1. Basic retrieval inspection with RetrievalResult
from retric import Inspector, RetrievalResult
def my_retriever(query: str, top_k: int = 5) -> list[RetrievalResult]:
return [
RetrievalResult(text="Our pricing starts at $10/mo", score=0.92),
RetrievalResult(text="Enterprise pricing available on request", score=0.87),
RetrievalResult(text="Contact sales for custom plans", score=0.45),
][:top_k]
inspector = Inspector(my_retriever)
result = inspector.query("pricing policy")
print(result)
Output:
RetrievalRecord(
query='pricing policy' | latency=0.1ms | 3 results
[0] score=0.920 Our pricing starts at $10/mo
[1] score=0.870 Enterprise pricing available on request
[2] score=0.450 Contact sales for custom plans
)
ScoredResult (v0.1) is still supported — the inspector converts it automatically.
2. Comparing two retrievers with compare()
Pass any two callables and get a side-by-side breakdown of rank shifts, score deltas, dropped docs, and new candidates.

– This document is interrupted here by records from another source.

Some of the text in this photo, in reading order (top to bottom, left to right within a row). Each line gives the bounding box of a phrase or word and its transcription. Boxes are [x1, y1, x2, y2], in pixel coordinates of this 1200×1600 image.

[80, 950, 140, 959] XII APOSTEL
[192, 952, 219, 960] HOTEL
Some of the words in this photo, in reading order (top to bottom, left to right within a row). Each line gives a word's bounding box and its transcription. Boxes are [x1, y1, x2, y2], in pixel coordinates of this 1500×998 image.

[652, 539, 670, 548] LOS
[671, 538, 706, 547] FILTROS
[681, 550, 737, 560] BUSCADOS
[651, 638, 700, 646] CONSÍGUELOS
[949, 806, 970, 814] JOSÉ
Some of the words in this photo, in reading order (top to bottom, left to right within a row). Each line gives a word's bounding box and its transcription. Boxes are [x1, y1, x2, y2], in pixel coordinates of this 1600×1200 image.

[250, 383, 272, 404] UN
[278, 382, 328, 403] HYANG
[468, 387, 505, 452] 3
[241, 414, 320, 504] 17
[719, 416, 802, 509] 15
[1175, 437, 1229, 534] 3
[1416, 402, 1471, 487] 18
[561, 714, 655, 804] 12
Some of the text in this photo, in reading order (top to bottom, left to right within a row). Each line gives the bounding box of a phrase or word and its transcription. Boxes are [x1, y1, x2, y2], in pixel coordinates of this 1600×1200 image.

from retric import compare, RetrievalResult
def embedding_retriever(query: str, top_k: int = 5) -> list[RetrievalResult]:
return [
RetrievalResult(text="RAG uses retrieval + generation", score=0.91, id="doc-a"),
RetrievalResult(text="Vector databases store embeddings", score=0.85, id="doc-b"),
RetrievalResult(text="LLMs can hallucinate facts", score=0.72, id="doc-c"),
][:top_k]
def reranker_retriever(query: str, top_k: int = 5) -> list[RetrievalResult]:
return [
RetrievalResult(text="Vector databases store embeddings", score=0.95, id="doc-b"),
RetrievalResult(text="RAG uses retrieval + generation", score=0.88, id="doc-a"),
RetrievalResult(text="Chunking strategy affects recall", score=0.61, id="doc-d"),
][:top_k]
result = compare("what is RAG?", embedding_retriever, reranker_retriever)
print(result)
Output:
ComparisonResult(query='what is RAG?')
retriever_a: 3 results (0.1ms)
retriever_b: 3 results (0.2ms)
Deltas:
'RAG uses retrieval + generation': rank 0 → 1 score 0.91 → 0.88 (demoted)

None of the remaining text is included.